Sleep Technique al Teatro delle Passioni di Modena il 4 e 5 maggio

by • 3 Maggio 2017 • QuartaPareteComments (0)513

Stagione 2016/2017
Teatro delle Passioni, Viale Carlo Sigonio 382, Modena

 

4 e 5 maggio ore 21.00

 

SLEEP TECHNIQUE
Una risposta alla caverna di Chauvet-Pont d’Arc in Ardèche, Francia

concept di DEWEY DELL: AGATA, DEMETRIO, TEODORA CASTELLUCCI, EUGENIO RESTA

con Agata, Teodora Castellucci, Ivan Björn Ekemark, Enrico Ticconi
coreografia Teodora Castellucci
musica originale Demetrio Castellucci (electroacoustics, granular synthesis, field recordings*), Massimo Pupillo (bass, electronics)

 

scena e luci Eugenio Resta

voce Attila Csihar
costumi Guoda Jaruševičiūtė

con il contributo dell’archeologa Dominique Baffier

un ringraziamento speciale a Stefano Pilia, Benas Staškauskas, Stefaan Van Akoleyen

produzione Dewey Dell 2017
coproduzione Societas, PACT Zollverein, BIT Teatergarasjen, Brut Wien, Tanzfabrik Berlin (col sostegno di Regierender Bürgermeister von Berlin – Senatskanzlei – Kulturelle Angelegenheiten)con la collaborazione di: Buda Kunstencentrum, Dialoghi – Residenze della arti performative a Villa Manin, Ateliersi, Menu Spaustuvė

con una sorgente sonora di Chris Watson – “Lioness Threatens Male, Itong Plains, Kenya” © 1998 Touch

.

.

Il Teatro delle Passioni di Modena ospita giovedì 4 e venerdì 5 maggio Sleep Techinque, di Dewey Dell, il collettivo cesenate che dal 2007 esprime il lavoro di Teodora, Demetrio, Agata Castellucci ed Eugenio Resta.
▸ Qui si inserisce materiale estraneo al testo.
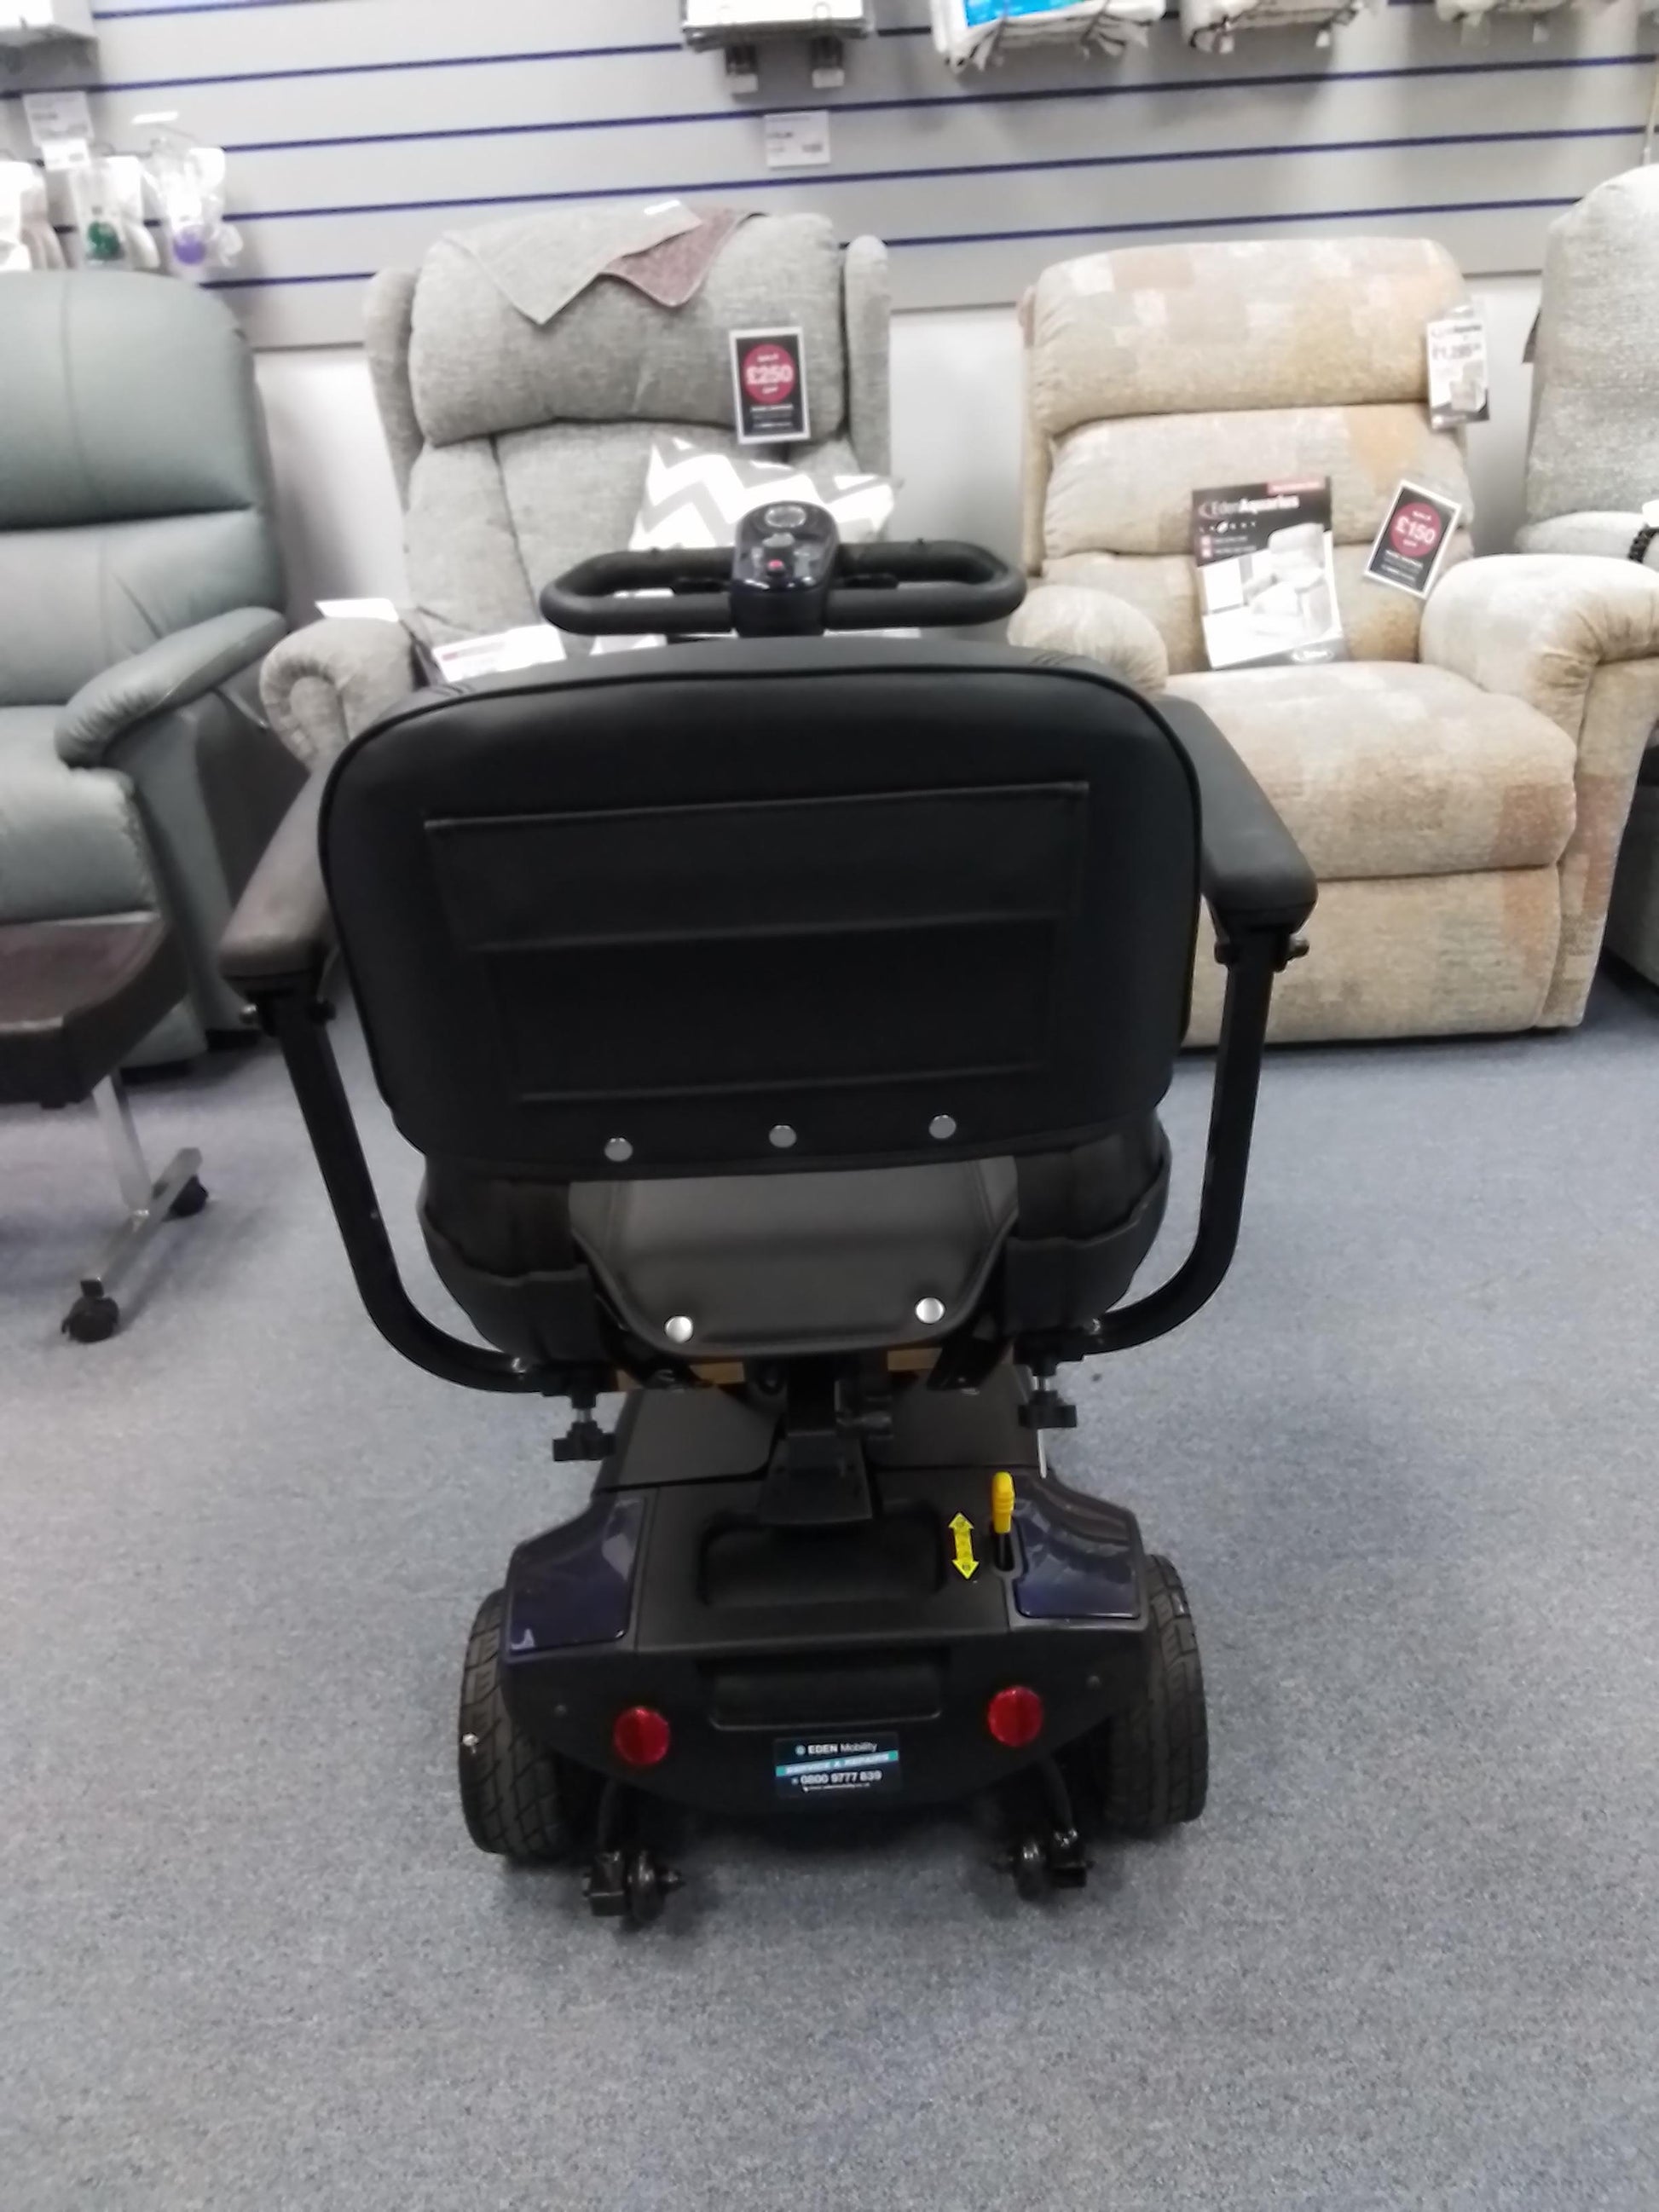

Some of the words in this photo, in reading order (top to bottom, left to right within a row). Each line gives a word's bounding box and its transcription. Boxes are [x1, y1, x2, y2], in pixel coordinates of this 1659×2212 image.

[1396, 516, 1436, 545] £150
[807, 1743, 838, 1754] EDEN
[840, 1741, 877, 1753] Mobility
[800, 1773, 829, 1785] 0800
[830, 1772, 858, 1782] 9777
Già autori di numerose produzioni in cui hanno indagato in modo radicale il suono e il movimento, il collettivo si ispira in Sleep Technique alle pitture rupestri della grotta di Chauvet in Francia.
Un invito a immergerci nel buio della grotta e a abbandonarci al richiamo degli antichi, inesplicabile con le parole. «La percezione – afferma la compagnia – di ciò che è rimasto della vita del passato profondo è filtrata da occhi molto lontani da quell’antico modo di vivere e di comprendere. Eppure avvertiamo la sensibilità degli antenati intimamente vicina a noi, come se i loro miti e riti primitivi potessero ancora essere oscuramente presenti. Sentiamo di essere scossi nel nostro essere più profondo da un’eco comune che da un altro tempo e un’altra vita ci raggiunge. Anche se i significati originali sono spariti nelle pieghe del tempo e solo la memoria di qualche elemento resiste, le tracce che rimangono vanno ben oltre il bisogno di un significato. Quando entriamo in una caverna e contempliamo le pitture preistoriche dei nostri antenati si accende una connessione ancora più profonda. Avvertiamo che il passato ci guarda nello stesso modo in cui noi lo osserviamo. La loro arte, nascosta nelle viscere più buie delle montagne, sembra reclamare una risposta da un abisso temporale».
Un tentativo di dialogo, una risposta impossibile alla ricchezza infinita di quello che ci è pervenuto dai primi homo sapiens sapiens nella caverna di Chauvet-Pont d’Arc, scrigno di pitture di 36.000 anni.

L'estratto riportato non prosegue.